As you are working on later stages your understanding of the situation, the decision you want to make, what matters, or the options you have might change radically. If so there is nothing to stop you iterating back through earlier stages.

The Theory Powering Progress: A 5 step Wise Decision Making Procedure


PROGRESS was developed to cover what its authors see as a gap in counselling and management practice. While counselling takes as its main aim helping people to live well the different schools within it have remarkably little to say about how to help people to make wise decisions.

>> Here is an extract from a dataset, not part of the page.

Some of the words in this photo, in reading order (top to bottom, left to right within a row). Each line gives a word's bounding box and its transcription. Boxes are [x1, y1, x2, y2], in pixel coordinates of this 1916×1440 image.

Management theorists have devoted considerable resources to producing models of decision-making but, we believe, these models have tended to focus on providing a means for people to make 'purely' business decisions rather than the personal and interpersonal decisions that are part of the fabric of our private and work lives. These models have also tended to ignore the role of the emotions and insights from the values and critical thinking literatures.

This position, and the theory behind it, is more fully explained in our series of articles "Towards Wise Decision-Making" published in Practical Philosophy.

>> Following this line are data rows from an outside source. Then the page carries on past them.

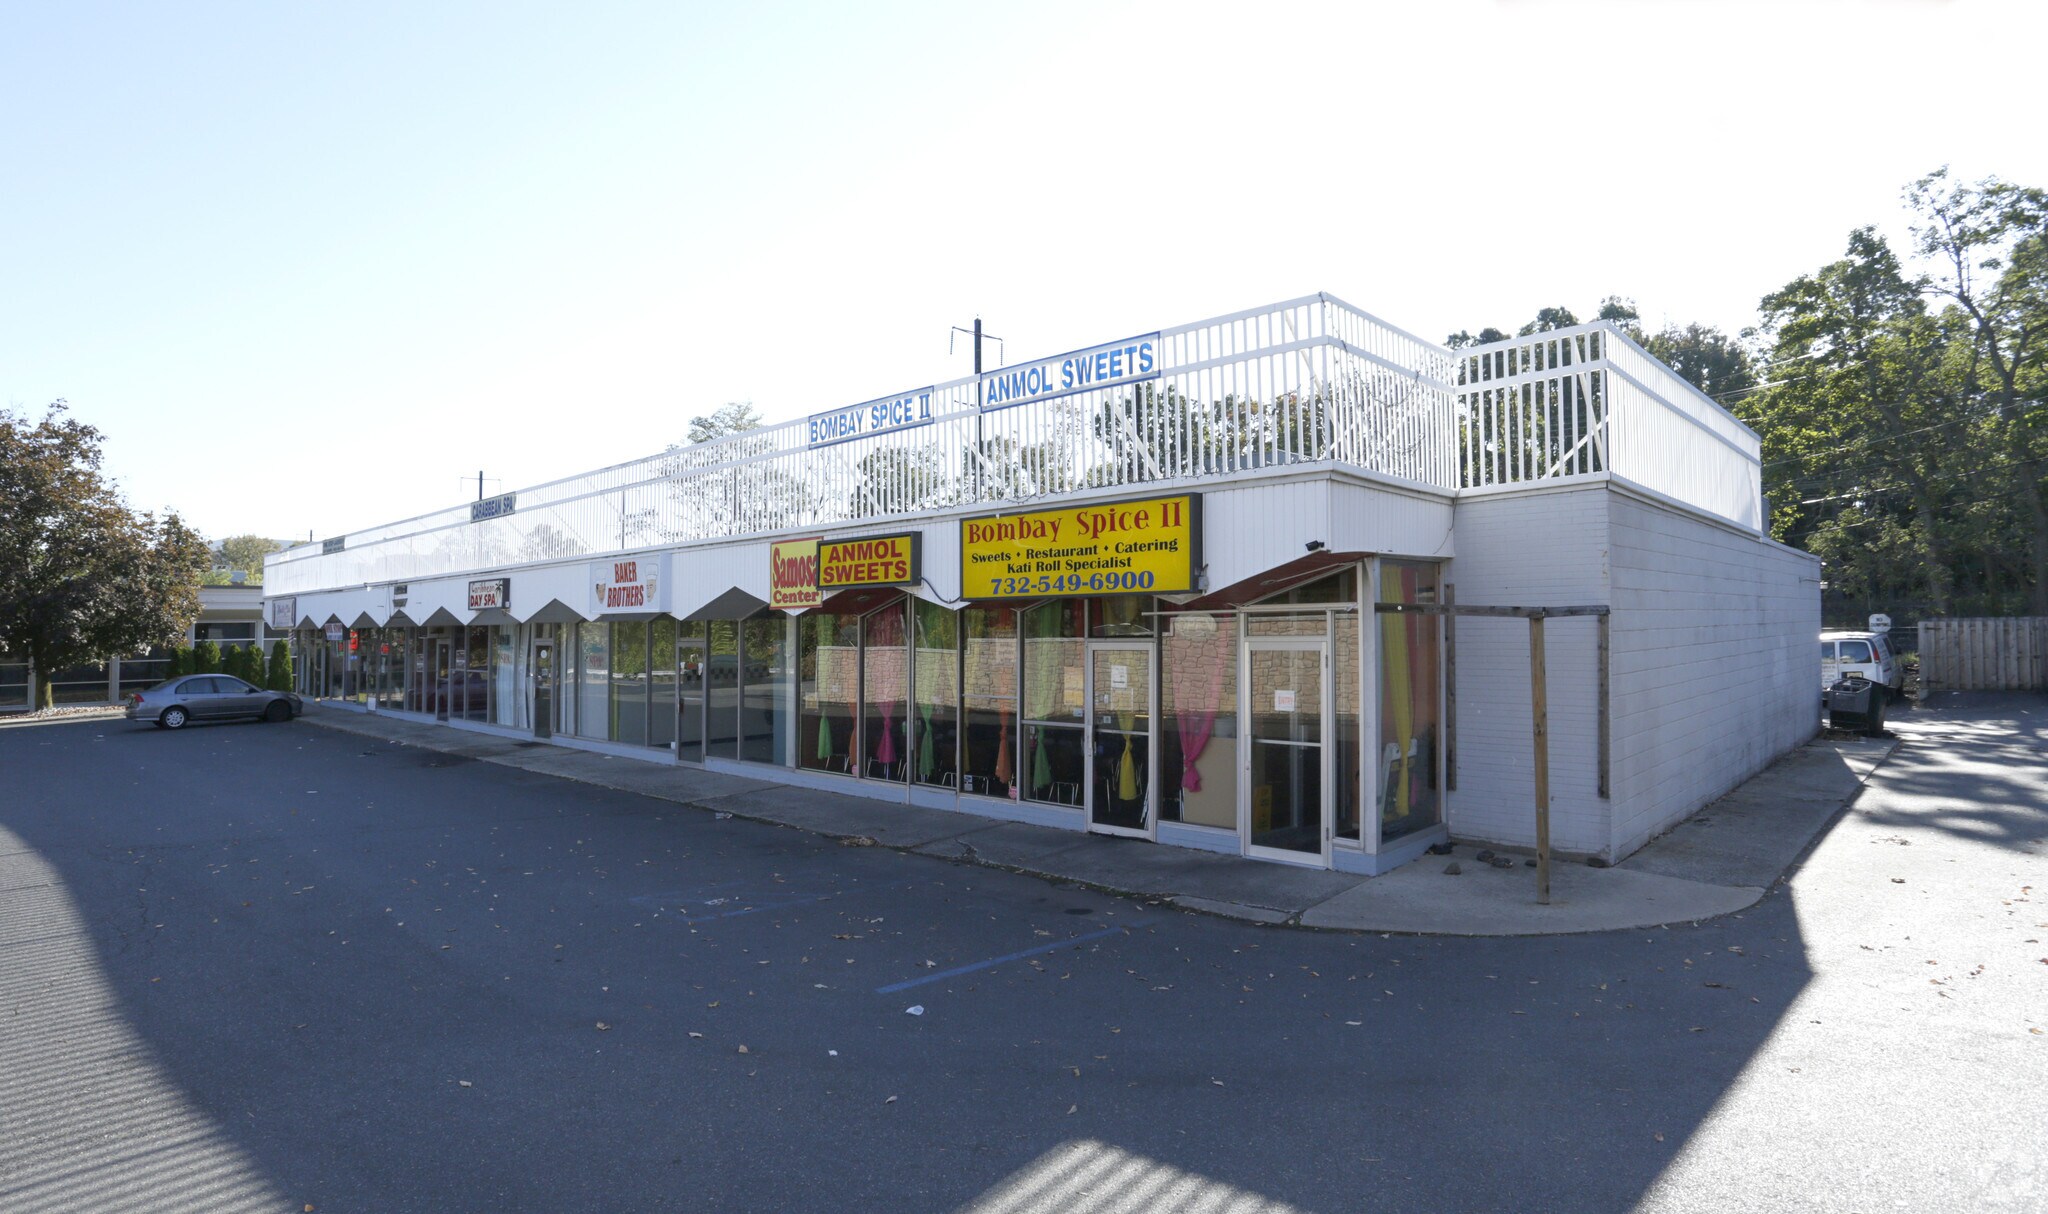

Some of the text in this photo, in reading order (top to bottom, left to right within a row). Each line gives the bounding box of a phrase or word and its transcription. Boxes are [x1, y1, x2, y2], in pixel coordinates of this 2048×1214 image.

[986, 343, 1153, 404] ANMOL SWEETS
[810, 393, 931, 442] BOMBAY SPICE II
[503, 496, 513, 513] SPA
[967, 501, 1182, 544] Bombay Spice II
[828, 539, 902, 563] ANMOL
[971, 538, 1178, 563] Sweets Restaurant Catering
[614, 561, 637, 583] BAKER
[823, 560, 907, 583] SWEETS
[1007, 556, 1132, 573] Kati Roll Specialist
[991, 570, 1154, 595] 732-549-6900
[471, 593, 496, 607] DAY SPA
[607, 584, 644, 608] BROTHERS
[773, 588, 819, 604] Center

The practical consequences of the theory are to be found by looking at
The main theoretical sources powering PROGRESS are:
  1. values: values are central to making decisions because the whole point of a wise decision is to bring about something that is valuable. Theoretical insights from ethics are used in order to help us ask the right questions to judge what matters, both prudentially and ethically. There is a vast literature on this. An inspired introduction is Weston's A Practical Companion to Ethics. James Rachels' The Elements of Moral Philosophy introduces ethical theories and John Kekes' The Examined Life prudential values. PROGRESS author Tim LeBon's book Wise Therapy: Philosophy for Counsellors provides many techniques to help think through their personal values. We have drawn heavily on Covey's, The 7 Habits of Highly Effective People: Restoring the Character Ethic for the idea of win-win thinking.
  2. emotional wisdom: wise decision-making is not purely a matter for the head. Awareness of emotions and how they might both undermine and help wise decision-making is vital. In order to prevent us from misperceiving the situation, and also to inform us about what is valuable, we need to use our emotions wisely. Our emotions provide information about the situation and decision facing us, about what we value, and motivate us to carry out our decision. See for example the account of emotions in Nussbaum's Upheavals of Thoughtand Solomon's The Passions. PROGRESS author Tim LeBon's book Wise Therapy: Philosophy for Counsellors examines the various roles of emotions.
  3. creative thinking: we use creative thinking skills, in particular when thinking up options, but also to identify potential values.The ubiquitous Edward De Bono offers many tips in, for instance Lateral Thinking: Creativity Step By Step. An early influential text is Osborne's Applied Imagination.
  4. critical thinking: critical thinking is used at all stages, and especially to understand the situation we are in, to weigh up the kinds of values we wish to bring about and to assess our available options.There is a rapidly growing philosophical and psychological literature on critical thinking. Philosophical texts, among many excellent ones, include Anne Thomson's Critical Reasoning in Ethics, Johnson and Blair's Logical Self-Defense, and Robert Ennis' Critical Thinking. Social psychologists Nisbett and Ross cover the dangers of the power of vividness very well in Human Inference: Strategies and Shortcomings of social Judgement.

  5. decision-making: wise decision-making involves being aware of the different stages involved in the process. Our favourite book on this is Smart Choices by management consultants and decision theorists Hammond, Keeney, and Raiffa. One of the few books in counselling that looks at decisions is Egan's, The Skilled Helper.